Dan sekarang masalah apalagi yang timbul di hari ke-14 ku menjabat ketua kelas? Apa sisirnya hilang? Ah, atau bulu matanya ada yang jatuh? Dan yang membuat kesal adalah satu lagi, nggak ada yang mau menjadi wakilku. Hm. Aku segera beranjak dari bangku setelah pamit pada Reza, dan menyuruhnya tetap melanjutkan pengiriman anime ke laptopku. Juga menyuruhnya untuk mematikan laptopku sekalian jika aku belum juga kembali. Karena aku tau ini nggak akan singkat. Dan aku sendiri harus segera tiba di kantor sebelum Bu Dina marah-marah padaku yang sama sekali tidak berbuat satu kesalahan pun padanya. Hm. Benar-benar menyebalkan menjadi anak buahnya. Dan kenapa harus aku? Bukan bukan, kenapa aku mau?

"Iya, Bu? Ada yang bisa saya bantu?" tanyaku begitu tiba di depan mejanya setelah mengetuk pintu kantor dan kembali menjadi perhatian. Karena Bu Dina yang hobi banget manggil ke kantor. Jadi kayak penghuni kantor udah biasa dengan kedatanganku.

Bu Dina menatapku sambil tersenyum creepy. Ah atau sekarang aku panggil Bu Creepy? Atau Bu Zombi? Bu Valak? Oke. Bu Valak. Selamat untuk panggilan barumu, Bu. Kekehku dalam hati sambil terus menatapnya yang dari tadi belum berkata apa-apa. Padahal semenit lagi bel masuk akan berbunyi. Benar-benar ahli dalam mencari masalah, kan? Untung aja jam selanjutkan adalah Pak Wahyu yang mengajar Agama dan beliau termasuk guru yang sabar. Jadi, kalau aku terlambat sebentar nggak masalah kayaknya.

"Bawa tugas kelasmu. Udah selesai saya koreksi. Dan bilang sama teman-temanmu, kalau siapapun dari mereka yang mendapat nilai kurang dari 70, wajib hukumnya mengerjakan dua kali lipat tugas yang saya berikan."

Aku hanya melongo mendengar ceramahnya. Wow gila. Tugas yang beliau berikan nggak terima kertas folio 4 lembar bolak balik lho. Terus kalau dua kali lipatnya jadi gimana? Gimana?! Aku hanya tersenyum masam sambil mengambil tumpukan kertas yang udah siap diambil sambil menggerutu kecil. Dan berdoa semoga aku nggak menjadi salah satunya.

"Oh iya, Sasya. Saya mendapat keluhan dari Bapak Ibu guru, kalau kelasmu itu ramai pada saat jam pelajaran. Bisa kamu bilang sama teman-temanmu untuk tenang? Saya bisa marah kalau kalian bandel."

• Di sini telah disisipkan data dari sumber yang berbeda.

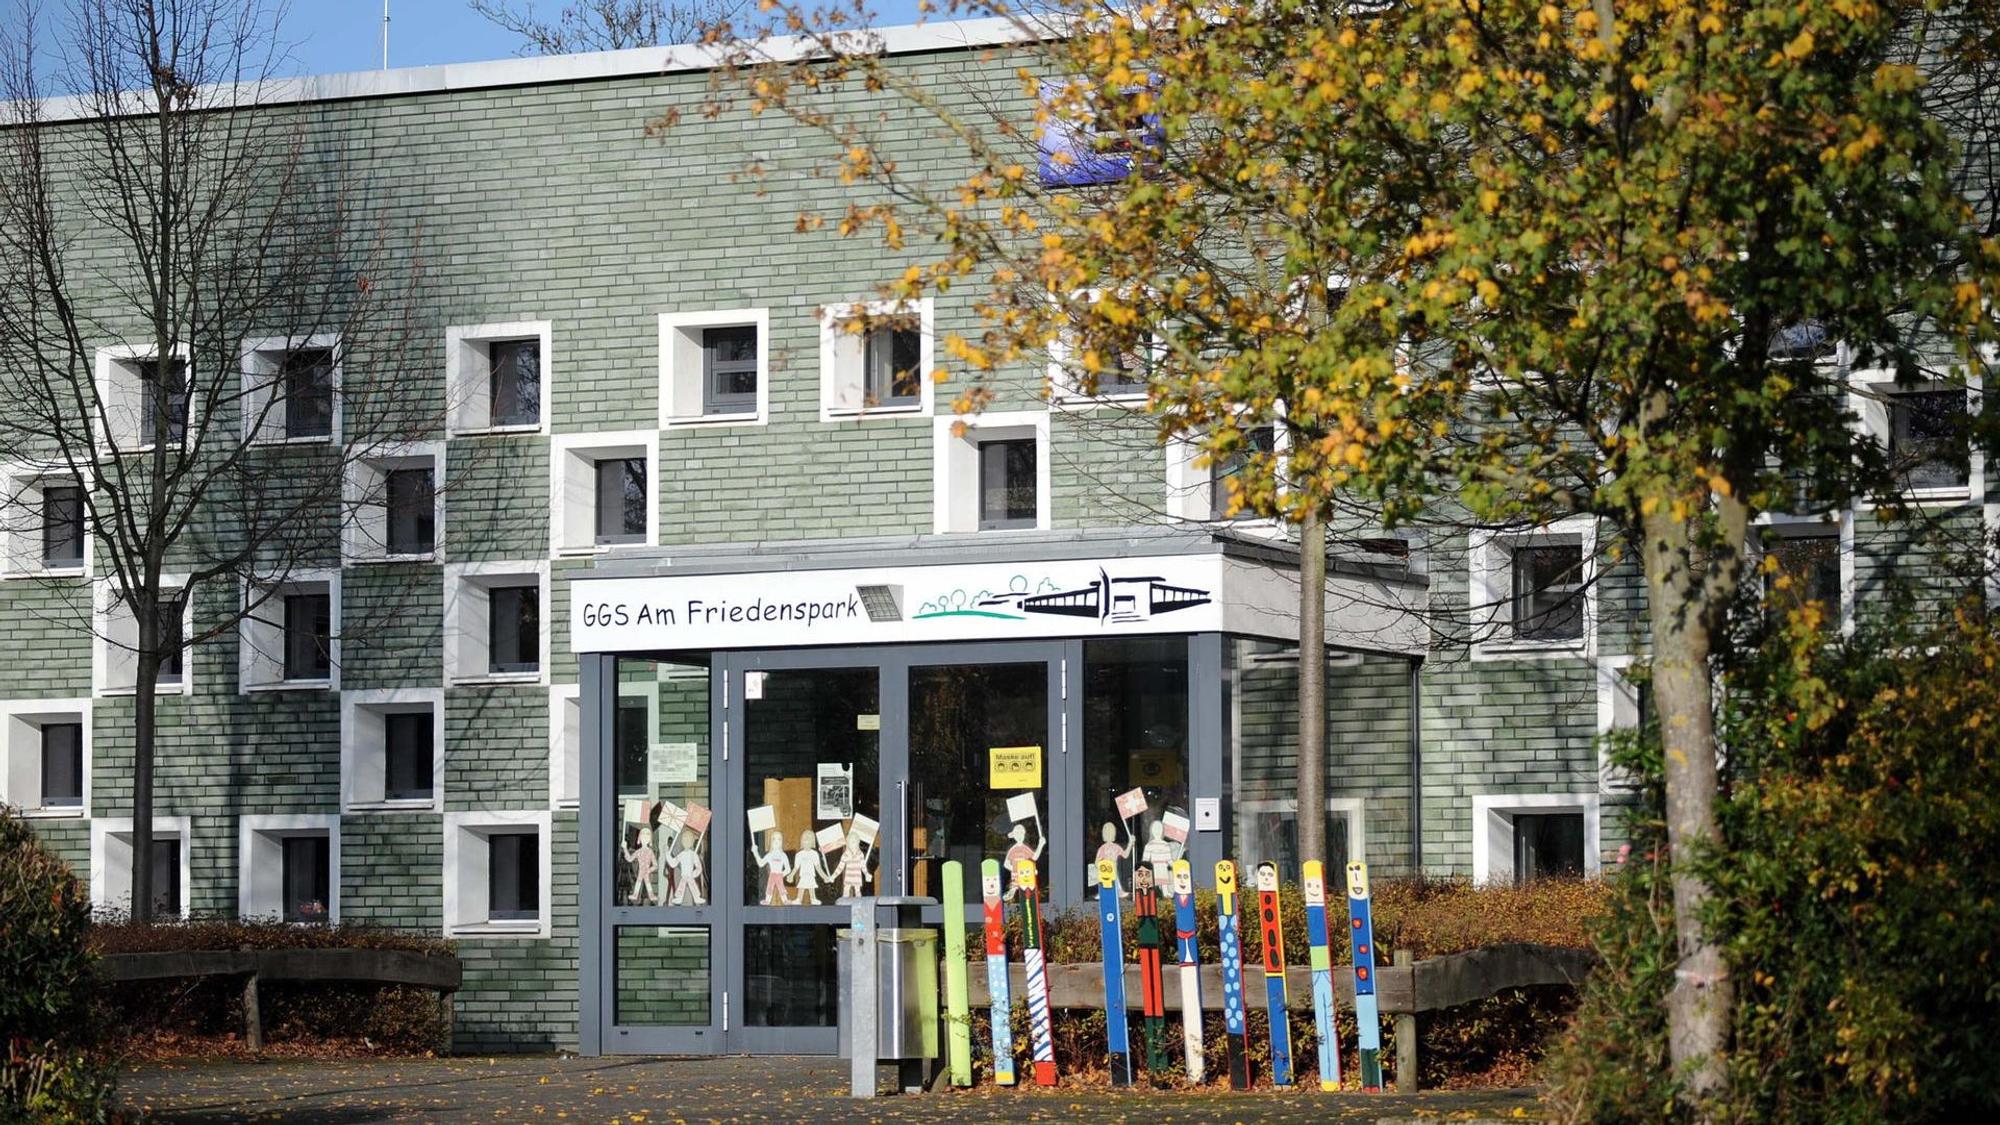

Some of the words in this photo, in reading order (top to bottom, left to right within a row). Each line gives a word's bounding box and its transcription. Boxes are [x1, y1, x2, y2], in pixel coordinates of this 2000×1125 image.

[583, 603, 629, 627] GGS
[637, 603, 676, 625] Am
[688, 594, 858, 627] Friedenspark

"Baik Bu." jangan sampai Ya Allah, aku berdoa dalam hati. "Kalau begitu saya permisi."

"Eh bentar! Saya belum selesai bicara." Bu Dina mengintrupsiku lagi. Aku menghela nafas pelan lalu kembali menghadap beliau. "Temanmu yang namanya Rangga itu, kemana?"

Rangga? Tanyaku dalam hati. "Rangga?"

"Iya. Rangga Bimantara. Temanmu kan itu? Masa kamu sebagai ketua kelas nggak kenal sama teman sekelasmu?" Bu Dina bertanya dengan nada nyengit. Eh? Aku baru sadar. Iya, benar. Udah dua minggu ini aku nggak ketemu sama Rangga, si orang yang ku taksir yang juga sekelas denganku. Kok aku bisa lupa sama dia? Jadi selama ini dia nggak masuk kelas? Serius?

"Dia kemana memangnya, Bu?"

"Ya mana saya tau! Orang saya tanya sama kamu, malah kamu tanya balik. Gimana sih kamu itu?!"

Oh iya. Bener. Aku ini gimana sih? Tapi nadanya biasa aja dong, Bu. Saya kan juga nggak tau kalau dia nggak pernah masuk.

"Yaudah, segitu dulu. Dan tentang Rangga, tolong urus dia. Kalau bisa datang gitu ke rumahnya, bujuk buat berangkat sekolah lagi. Oke, sekarang kamu bisa kembali ke kelasmu." mungkin karena aku ngelamun, Bu Dina kemudian mengusirku. Aku mengundurkan diri dan segera kembali ke kelas dengan tangan penuh kertas garapan setelah mengucapkan terimakasih. Aku melihat keadaan sekolah sekilas, ternyata udah sepi. Mendadak aku kembali teringat dengan Rangga. Serius, si Rangga itu nggak masuk? Kenapa aku bisa nggak tau? Kok bisa nggak tau? Ah, ini pasti gegara Bu Dina yang sering bikin konten nggak jelas. Jadi aku sibuk sendiri dan lupa sama dia. Lagian kenapa kamu nggak masuk segala sih? Aku lagi kan yang repot. Meski aku suka sama kamu, tapi jangan ngerepotin juga dong! Ngurus Bu Dina seorang udah sibuk banget ini lagi ditambah sama kamu. Haaaah...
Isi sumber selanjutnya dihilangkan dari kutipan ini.